O mandatário conservador, que respondia a um processo de impeachment no Legislativo, adotou a medida como uma resposta à crise política no país, mas o histórico equatoriano indica que o problema está longe de ter um fim.
Antes de Lasso (cujo mandato terminaria apenas em 2025), seis presidentes do Equador não terminaram seus mandatos desde a volta da democracia, em 1979, por motivos como morte, destituição e convocação de eleições antecipadas.
Entre 1997 e o início de 2007, o país teve sete presidentes diferentes. O episódio mais burlesco foi a chamada Noite dos Três Presidentes, quando três políticos diferentes, durante a noite de 6 para 7 de fevereiro de 1997, reivindicaram a presidência equatoriana.
Abdalá Bucaram, que havia assumido a cadeira presidencial apenas seis meses antes, sofreu impeachment e se recusou a deixar o cargo. O Legislativo declarou como seu substituto o presidente do Congresso Nacional, Fabián Alarcón, mas a vice-presidente do Executivo, Rosalía Arteaga, também reivindicava o posto. Alarcón acabou saindo vitorioso da disputa.
O esquerdista Rafael Correa foi presidente do Equador durante dez anos, entre 2007 e 2017, mas sua gestão foi marcada por escândalos e depois do fim do seu mandato ele foi condenado a oito anos de prisão por suborno. No ano passado, ele recebeu asilo político na Bélgica.
Seu sucessor, Lenín Moreno, enfrentou uma grande onda de protestos em 2019 após anunciar uma mudança na política de preços dos combustíveis. Lasso chegou à presidência em maio de 2021, e desde então enfrentou uma oposição feroz na Assembleia Nacional.
“Crise de legitimidade”
O presidente conservador já havia sobrevivido a um processo de impeachment no ano passado e desta vez respondia no Legislativo a uma acusação de responsabilidade por um contrato da estatal de transporte de petróleo Flopec EP com a empresa privada Amazonas Tanker, que teria gerado perdas para o Estado equatoriano.

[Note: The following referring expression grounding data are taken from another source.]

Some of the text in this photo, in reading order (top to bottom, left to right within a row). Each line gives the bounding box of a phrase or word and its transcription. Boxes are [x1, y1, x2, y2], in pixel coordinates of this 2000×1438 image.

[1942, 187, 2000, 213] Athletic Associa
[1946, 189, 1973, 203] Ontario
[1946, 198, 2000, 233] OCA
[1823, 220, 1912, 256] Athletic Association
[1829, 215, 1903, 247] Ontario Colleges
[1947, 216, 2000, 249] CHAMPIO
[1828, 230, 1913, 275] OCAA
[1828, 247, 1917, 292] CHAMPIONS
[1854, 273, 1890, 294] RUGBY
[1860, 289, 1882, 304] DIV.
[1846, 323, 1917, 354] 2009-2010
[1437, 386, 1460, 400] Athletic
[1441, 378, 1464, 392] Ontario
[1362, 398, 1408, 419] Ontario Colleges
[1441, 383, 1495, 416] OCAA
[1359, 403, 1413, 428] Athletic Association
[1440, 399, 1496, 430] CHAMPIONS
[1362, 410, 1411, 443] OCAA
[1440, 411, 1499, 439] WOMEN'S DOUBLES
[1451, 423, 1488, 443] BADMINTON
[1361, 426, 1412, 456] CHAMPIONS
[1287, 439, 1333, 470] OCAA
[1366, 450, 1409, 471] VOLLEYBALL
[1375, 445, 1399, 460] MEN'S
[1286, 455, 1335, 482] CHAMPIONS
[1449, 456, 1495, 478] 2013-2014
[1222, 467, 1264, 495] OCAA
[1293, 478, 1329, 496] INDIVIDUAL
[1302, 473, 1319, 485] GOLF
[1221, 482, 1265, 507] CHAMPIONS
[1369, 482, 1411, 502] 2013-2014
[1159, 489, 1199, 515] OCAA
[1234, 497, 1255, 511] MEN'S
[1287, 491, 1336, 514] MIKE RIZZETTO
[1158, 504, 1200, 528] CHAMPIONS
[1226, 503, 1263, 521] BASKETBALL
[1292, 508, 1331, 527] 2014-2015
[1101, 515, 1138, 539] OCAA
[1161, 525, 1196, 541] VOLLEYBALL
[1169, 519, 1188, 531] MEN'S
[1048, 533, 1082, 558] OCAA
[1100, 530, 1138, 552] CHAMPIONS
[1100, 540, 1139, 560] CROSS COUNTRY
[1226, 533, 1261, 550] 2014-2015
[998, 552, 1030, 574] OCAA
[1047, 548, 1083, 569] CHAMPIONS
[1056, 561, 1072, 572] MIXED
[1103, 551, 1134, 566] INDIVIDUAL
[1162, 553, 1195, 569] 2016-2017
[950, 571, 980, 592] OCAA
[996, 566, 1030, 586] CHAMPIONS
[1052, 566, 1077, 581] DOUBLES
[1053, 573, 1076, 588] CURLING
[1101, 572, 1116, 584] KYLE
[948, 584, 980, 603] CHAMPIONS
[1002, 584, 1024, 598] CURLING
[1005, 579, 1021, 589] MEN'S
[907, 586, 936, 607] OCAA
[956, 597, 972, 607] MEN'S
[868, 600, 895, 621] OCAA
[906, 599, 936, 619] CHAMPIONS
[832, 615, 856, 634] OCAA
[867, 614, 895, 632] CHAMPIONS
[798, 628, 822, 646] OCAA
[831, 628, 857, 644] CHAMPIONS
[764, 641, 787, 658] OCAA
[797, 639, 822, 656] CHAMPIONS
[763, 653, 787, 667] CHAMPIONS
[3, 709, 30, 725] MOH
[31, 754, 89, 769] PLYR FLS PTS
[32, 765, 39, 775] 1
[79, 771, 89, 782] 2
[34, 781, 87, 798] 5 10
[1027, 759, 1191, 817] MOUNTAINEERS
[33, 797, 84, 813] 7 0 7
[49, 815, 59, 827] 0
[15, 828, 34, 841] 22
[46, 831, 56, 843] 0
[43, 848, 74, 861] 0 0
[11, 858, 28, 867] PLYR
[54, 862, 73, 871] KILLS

Na justificativa da “morte cruzada”, Lasso apontou “a existência de um Legislativo irresponsável, bem como desequilíbrio nas funções do Estado”, e citou, além das tentativas de destituí-lo, “numerosos processos políticos contra ministros e secretários de Estado e autoridades de controle, processando-se assim 14 processos políticos, tendo já sido instaurados cinco processos políticos contra ministros e secretários de Estado; fizeram 1,3 mil pedidos de informação aos diferentes ministérios”.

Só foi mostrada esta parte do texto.